L’altra ragione è l’entità del danno provocato a Israele. Su 15,9 miliardi di euro di esportazioni verso l’Ue, solo 5,8 miliardi di euro dovrebbero essere soggetti a dazi. L’ammontare complessivo dei dazi aggiuntivi per Israele sarà di circa 227 milioni. Paradossalmente è l’Ue che rischia di subire le conseguenze più gravi sul piano commerciale. Con la sospensione dell’Accordo di associazione, il governo Netanyahu potrà a sua volta introdurre dazi su circa 8 miliardi di euro di merci importate dall’Ue su un totale di 26,7 miliardi. Il conto per gli esportatori europei potrebbe raggiungere i 547 milioni di euro, ha spiegato il commissario al Commercio, Maros Sefcovic. La frutta israeliana costerà un po’ di più ai consumatori europei. Ma l’Ue rischia di essere colpita in settori a più alto valore aggiunto come macchinari, componentistica aerea, dispositivi medici e farmaceutica.

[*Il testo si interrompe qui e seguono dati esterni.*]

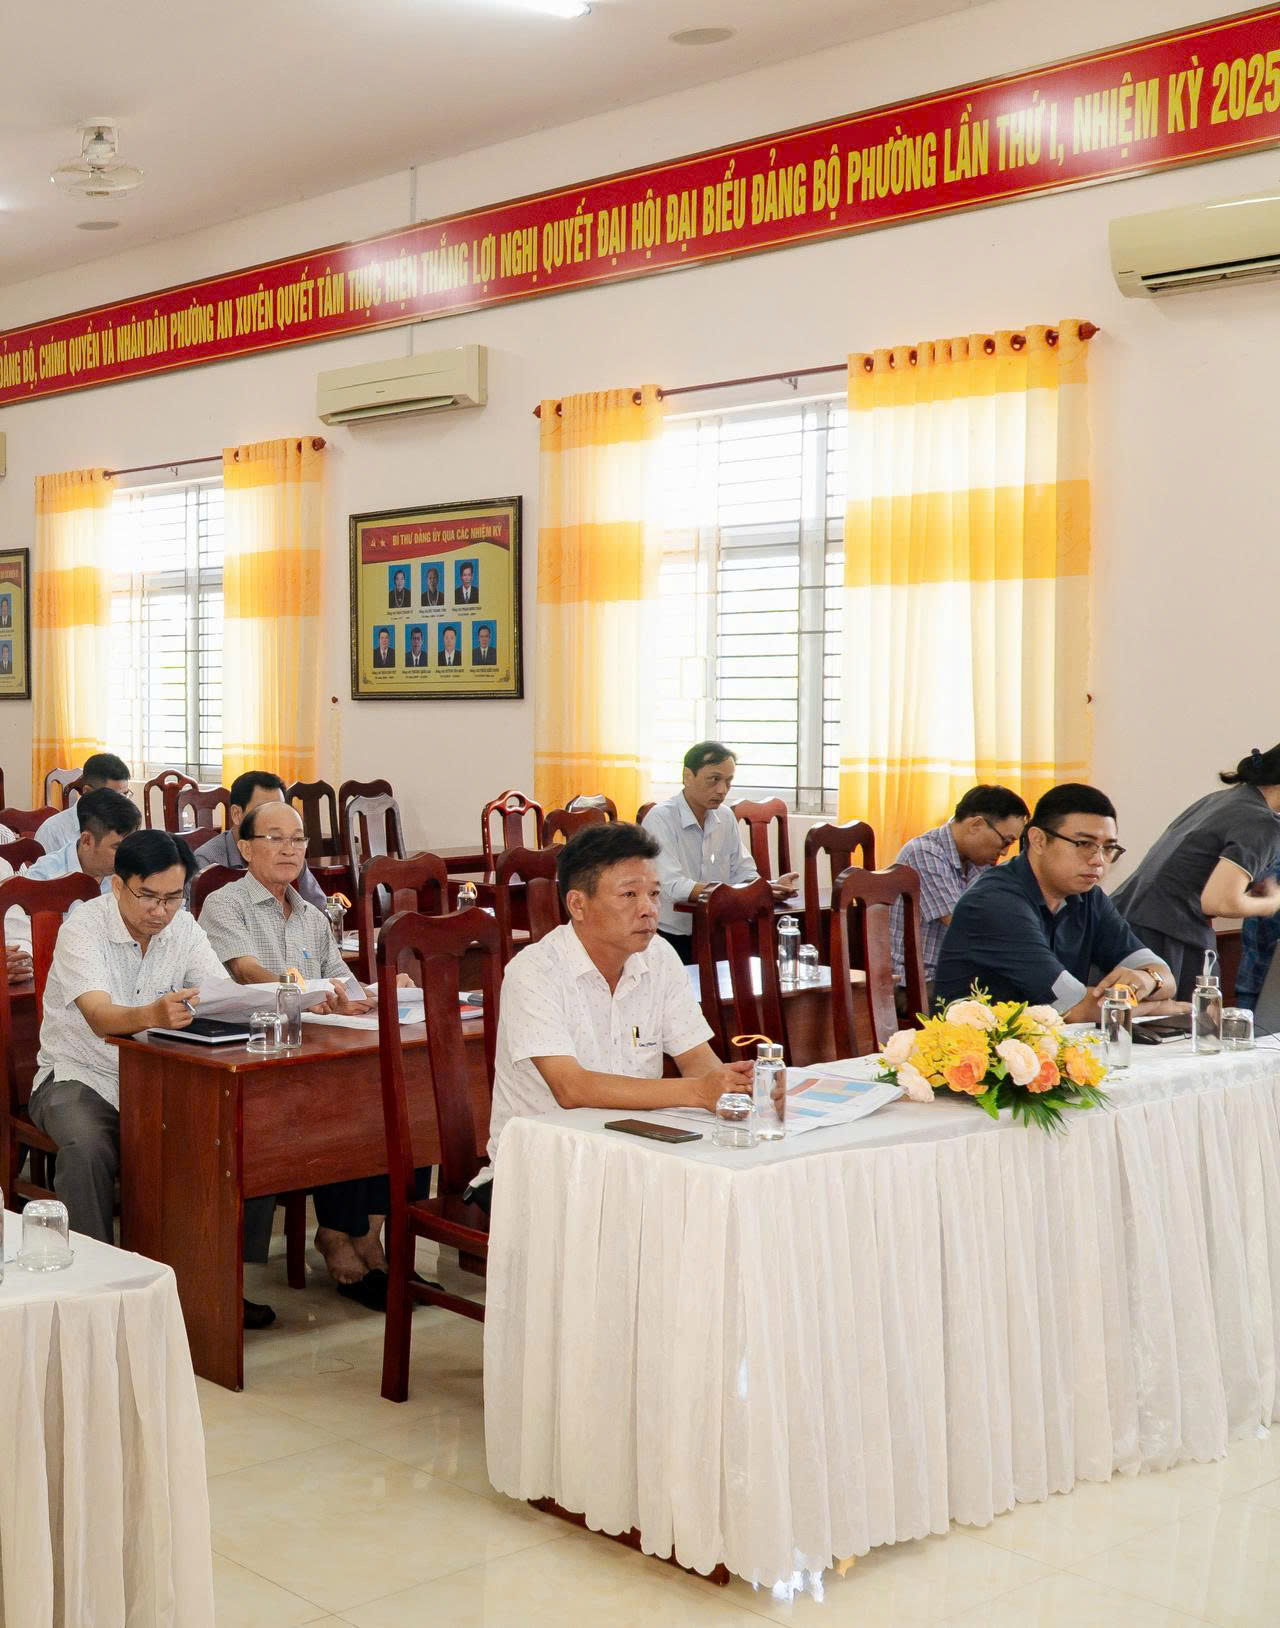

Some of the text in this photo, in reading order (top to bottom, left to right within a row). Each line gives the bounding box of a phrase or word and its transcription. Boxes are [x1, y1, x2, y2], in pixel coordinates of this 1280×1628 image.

La Commissione ha presentato un’altra proposta destinata a insabbiarsi a causa del veto di uno o più governi. La prima è di sanzionare i “ministri estremisti” del governo Netanyahu, Itamar Ben-Gvir e Bezalel Smotrich, tre coloni violenti e sei organizzazioni legate al movimento dei coloni (ci sono anche sanzioni contro dieci membri dell’Ufficio politico di Hamas). Il predecessore di Kallas, lo spagnolo Josep Borrell, ci aveva già provato con Ben-Gvir e Smotrich nell’estate del 2024, senza successo a causa della regola dell’unanimità. Ora von der Leyen ci riprova. Ufficialmente, perché Ben-Gvir e Smotrich “hanno incitato azioni violente a Gaza o contro i palestinesi in Cisgiordania”, spiega una fonte dell’Ue. In realtà, perché von der Leyen sa che la proposta di sanzioni andrà incontro al veto dell’Ungheria di Viktor Orbán e, forse, di altri paesi. Anche l’Italia si era opposta alla proposta di Borrell di sanzionare Ben-Gvir e Smotrich. Alla fine l’unica sanzione che entrerà effettivamente in vigore contro Israele è la sospensione del sostegno bilaterale, ma salvaguardando gli aiuti finanziari alla società civile e allo Yad Vashem. Saranno sospesi stanziamenti per un massimo di 20 milioni. Non molto per convincere Netanyahu.